When To Change Your Surgical Hardware
We all have our favorite equipment for use during surgery and most of us probably use what we learned with during training with some variation. Do you ever question what is out there? Have you ever noticed your hardware is failing? Have you had screws or plates break, or do you routinely deal with non-unions? Do you ever struggle with plate sizing options or plate or screw profile? When do you decide to make a change? How do you make a change? How do you become comfortable with the new system?
What is out there? There are an incredible number of options. The foot and ankle is now getting the industry attention it has been lacking over the years. Small and mini-fragment systems have been increasingly replaced by dedicated foot sets and more commonly procedure specific sets. Contained within the set are all the essential instruments, plates and screws for the specific procedure. Does that make us spoiled? Yes and it is nice. However, this also benefits the patient, making the procedure faster, stronger, reproducible and, well, better.
Recognize the problem if there is one. As you add hardware to your cases, is the hardware performing to your standards on the table and postoperatively? Here are some of my thoughts on the available equipment.
Screws. I want my screws to bite. I want sizing options both in width and length. I want a low profile head but one that is sufficiently large not to pull through the proximal cortex. I want titanium versus stainless options, weighing the pros and cons of each metal for the procedure demands. I prefer the versatility of polyaxial capability, even for locking screws, when I use them with plating systems. I don’t want the screw to strip on insertion or removal. I want the perfect screw and not all screws are created perfectly.
Plates. I want options in the set. The size and cortical contour varies from foot to foot. Typically, I will try a few size options for the given procedure until I am confident I have chosen the best plate from the set. I want locking and non-locking options but as a general rule, I have moved to locking plates for most procedures. Most sets now have the option to non-lock one or all of the holes. I want both titanium and stainless steel options, although for me, titanium serves most roles. I want size and screw hole pattern variability. The perfect plate is sufficiently strong for the task at hand yet offers malleability to better contour to cortical bone in certain situations. I strive to find the perfect plate for the given procedure.
If you are completely satisfied with the performance of your hardware, do not switch. If there is a performance failure, then it may be a good time to make the switch.
There are many methods for seeking out new products. The numerous company representatives are more than happy to come to your office and discuss their options. Some reps will even bring a mobile lab right to your front door, and often all you have to do is ask. This allows the rep and surgeon to become familiar with each other and the equipment, and to practice applying the product to a cadaver or sawbone model. Another great option is to sign up for a mobile lab at one of the many regional and national meetings. The vendors in the exhibit hall may also provide enough insight and demonstration for you to feel comfortable making the switch at your next case.
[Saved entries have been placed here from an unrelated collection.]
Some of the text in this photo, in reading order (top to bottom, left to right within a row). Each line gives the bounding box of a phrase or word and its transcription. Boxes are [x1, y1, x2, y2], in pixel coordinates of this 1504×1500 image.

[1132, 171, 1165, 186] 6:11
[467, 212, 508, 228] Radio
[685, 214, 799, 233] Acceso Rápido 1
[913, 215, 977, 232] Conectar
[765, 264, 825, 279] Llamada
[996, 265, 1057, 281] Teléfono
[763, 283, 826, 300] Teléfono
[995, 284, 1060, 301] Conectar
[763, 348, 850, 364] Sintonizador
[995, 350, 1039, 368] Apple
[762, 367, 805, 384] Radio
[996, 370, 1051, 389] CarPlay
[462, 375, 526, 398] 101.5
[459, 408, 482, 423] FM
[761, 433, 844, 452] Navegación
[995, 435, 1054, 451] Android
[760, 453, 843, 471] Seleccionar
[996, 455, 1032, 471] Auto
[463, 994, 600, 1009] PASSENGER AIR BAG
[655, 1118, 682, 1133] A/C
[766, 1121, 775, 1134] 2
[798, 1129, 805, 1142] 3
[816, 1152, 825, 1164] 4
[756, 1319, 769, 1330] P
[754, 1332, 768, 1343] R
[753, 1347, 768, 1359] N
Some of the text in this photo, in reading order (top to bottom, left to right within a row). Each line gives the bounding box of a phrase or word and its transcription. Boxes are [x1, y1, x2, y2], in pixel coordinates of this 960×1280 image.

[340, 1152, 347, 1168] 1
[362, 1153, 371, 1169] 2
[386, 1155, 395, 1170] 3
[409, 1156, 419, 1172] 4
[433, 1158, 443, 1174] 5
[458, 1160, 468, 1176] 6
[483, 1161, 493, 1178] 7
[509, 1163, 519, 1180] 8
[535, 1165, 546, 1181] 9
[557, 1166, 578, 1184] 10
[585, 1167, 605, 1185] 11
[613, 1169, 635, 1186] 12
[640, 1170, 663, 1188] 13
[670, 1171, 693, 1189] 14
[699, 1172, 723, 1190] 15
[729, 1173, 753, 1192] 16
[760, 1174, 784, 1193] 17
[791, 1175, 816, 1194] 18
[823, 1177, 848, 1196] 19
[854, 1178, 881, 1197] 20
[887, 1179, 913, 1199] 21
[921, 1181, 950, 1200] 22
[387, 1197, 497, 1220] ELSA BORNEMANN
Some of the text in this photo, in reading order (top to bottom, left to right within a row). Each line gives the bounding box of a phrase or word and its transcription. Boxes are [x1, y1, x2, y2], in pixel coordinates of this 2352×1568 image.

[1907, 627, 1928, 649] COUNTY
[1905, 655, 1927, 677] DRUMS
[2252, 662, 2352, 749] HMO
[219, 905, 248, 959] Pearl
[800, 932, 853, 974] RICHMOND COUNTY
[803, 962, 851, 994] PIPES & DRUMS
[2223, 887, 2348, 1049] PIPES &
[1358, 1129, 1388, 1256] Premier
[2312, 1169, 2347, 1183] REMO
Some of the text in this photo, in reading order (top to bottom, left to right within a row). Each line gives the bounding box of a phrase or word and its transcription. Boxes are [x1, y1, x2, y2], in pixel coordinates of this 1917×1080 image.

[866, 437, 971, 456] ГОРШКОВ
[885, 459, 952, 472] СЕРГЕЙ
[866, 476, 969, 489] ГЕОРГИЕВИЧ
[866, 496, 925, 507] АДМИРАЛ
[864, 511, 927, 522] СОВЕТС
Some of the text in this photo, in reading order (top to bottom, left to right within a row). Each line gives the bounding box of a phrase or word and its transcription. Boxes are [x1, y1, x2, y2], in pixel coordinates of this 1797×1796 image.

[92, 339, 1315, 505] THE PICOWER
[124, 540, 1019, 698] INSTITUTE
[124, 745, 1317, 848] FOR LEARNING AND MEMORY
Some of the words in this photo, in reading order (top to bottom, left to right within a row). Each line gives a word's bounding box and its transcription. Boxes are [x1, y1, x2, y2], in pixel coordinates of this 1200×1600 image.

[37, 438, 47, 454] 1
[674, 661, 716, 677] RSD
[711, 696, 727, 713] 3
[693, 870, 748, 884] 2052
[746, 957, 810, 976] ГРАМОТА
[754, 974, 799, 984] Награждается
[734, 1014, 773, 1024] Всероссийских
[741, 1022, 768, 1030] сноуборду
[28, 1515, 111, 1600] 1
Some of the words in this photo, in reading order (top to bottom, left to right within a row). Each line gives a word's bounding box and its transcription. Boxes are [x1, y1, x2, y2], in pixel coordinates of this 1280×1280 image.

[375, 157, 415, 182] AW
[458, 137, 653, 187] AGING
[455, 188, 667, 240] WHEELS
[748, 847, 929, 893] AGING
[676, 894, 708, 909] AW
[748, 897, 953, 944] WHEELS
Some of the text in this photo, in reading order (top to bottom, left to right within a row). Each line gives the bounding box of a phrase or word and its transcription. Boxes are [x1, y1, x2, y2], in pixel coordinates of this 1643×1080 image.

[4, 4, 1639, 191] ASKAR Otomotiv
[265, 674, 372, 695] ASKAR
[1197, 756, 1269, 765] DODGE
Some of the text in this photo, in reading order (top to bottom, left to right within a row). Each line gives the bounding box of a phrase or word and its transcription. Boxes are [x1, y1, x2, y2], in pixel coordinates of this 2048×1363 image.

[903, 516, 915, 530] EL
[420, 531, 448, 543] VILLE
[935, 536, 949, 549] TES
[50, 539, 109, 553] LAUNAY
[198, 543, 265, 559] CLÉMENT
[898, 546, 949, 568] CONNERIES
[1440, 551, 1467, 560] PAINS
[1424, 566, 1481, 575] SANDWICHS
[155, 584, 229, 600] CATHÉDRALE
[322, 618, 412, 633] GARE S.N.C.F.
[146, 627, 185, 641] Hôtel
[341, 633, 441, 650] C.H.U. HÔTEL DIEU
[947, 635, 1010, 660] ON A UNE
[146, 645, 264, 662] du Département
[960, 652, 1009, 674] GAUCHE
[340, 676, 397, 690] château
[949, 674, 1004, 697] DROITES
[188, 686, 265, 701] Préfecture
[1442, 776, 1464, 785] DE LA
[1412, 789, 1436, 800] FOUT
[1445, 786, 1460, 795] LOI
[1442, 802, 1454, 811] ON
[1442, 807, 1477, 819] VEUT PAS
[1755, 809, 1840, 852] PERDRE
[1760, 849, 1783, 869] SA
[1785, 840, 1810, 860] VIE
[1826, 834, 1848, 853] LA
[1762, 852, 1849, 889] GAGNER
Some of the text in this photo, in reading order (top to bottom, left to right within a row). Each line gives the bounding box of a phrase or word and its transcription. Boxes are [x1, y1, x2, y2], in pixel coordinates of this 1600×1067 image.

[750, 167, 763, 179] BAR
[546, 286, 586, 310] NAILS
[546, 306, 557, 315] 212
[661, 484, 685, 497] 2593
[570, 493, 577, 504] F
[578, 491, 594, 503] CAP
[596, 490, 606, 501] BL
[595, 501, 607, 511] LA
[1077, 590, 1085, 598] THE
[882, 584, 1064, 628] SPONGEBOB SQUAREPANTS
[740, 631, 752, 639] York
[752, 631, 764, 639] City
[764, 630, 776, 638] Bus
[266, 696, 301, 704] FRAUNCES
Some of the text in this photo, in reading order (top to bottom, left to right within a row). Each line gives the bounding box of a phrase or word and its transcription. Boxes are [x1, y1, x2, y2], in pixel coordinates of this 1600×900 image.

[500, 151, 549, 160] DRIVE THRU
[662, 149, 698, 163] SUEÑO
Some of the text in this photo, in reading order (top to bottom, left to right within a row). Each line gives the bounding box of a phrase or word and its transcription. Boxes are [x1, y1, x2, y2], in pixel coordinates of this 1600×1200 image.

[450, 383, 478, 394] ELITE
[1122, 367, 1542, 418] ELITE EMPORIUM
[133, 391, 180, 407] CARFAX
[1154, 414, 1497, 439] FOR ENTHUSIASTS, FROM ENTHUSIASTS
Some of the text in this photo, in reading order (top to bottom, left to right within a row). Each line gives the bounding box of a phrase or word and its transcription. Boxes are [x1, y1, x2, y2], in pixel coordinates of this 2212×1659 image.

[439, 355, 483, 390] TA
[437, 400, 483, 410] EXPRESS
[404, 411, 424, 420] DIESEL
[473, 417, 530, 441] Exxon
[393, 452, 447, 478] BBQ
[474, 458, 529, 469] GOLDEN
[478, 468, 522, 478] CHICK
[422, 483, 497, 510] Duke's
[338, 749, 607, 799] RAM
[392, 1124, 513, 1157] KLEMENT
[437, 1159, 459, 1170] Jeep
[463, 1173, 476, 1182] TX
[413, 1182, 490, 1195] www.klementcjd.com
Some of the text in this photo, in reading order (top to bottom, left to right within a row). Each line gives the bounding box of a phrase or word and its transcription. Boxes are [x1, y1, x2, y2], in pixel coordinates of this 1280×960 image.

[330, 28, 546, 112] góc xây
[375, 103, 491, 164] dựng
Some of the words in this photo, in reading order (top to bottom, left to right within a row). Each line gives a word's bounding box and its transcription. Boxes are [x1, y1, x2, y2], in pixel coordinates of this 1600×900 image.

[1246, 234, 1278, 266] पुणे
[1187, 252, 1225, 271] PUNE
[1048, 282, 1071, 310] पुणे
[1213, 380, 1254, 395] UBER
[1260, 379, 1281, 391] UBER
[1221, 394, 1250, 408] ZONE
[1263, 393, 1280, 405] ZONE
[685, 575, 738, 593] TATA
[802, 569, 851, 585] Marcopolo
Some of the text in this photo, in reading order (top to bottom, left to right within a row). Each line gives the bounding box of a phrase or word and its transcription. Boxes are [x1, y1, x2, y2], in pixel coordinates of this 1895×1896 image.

Most companies also have thorough Web sites demonstrating sizing options and product videos. These sites can be great resources to determine the general offerings and what specifics you may ask a rep to show you in a face-to-face meeting. You can find the contact information for the rep in your area on the respective company Web sites as well. There is a good chance someone in your local surgery center or hospital already has a relationship with a rep and can help you establish a relationship as well.
Your colleagues are some of the best resources out there. Ask around, send e-mails, make phone calls and get a feel for what products may be working for your friends in the profession.
My typical routine when trying a new product starts with understanding the new product. Once I have conceptually wrapped my head around the product and my goals for its indication, I try it. I like to use it once or twice, and then avoid using it for a couple of months. I wait to make sure I obtain the optimal postoperative effect. If the product was surgeon-friendly in its application and performed well on X-rays and clinically, then I will be ready to make the switch … until the next product comes to market and offers easier use, better performance and improved patient outcomes.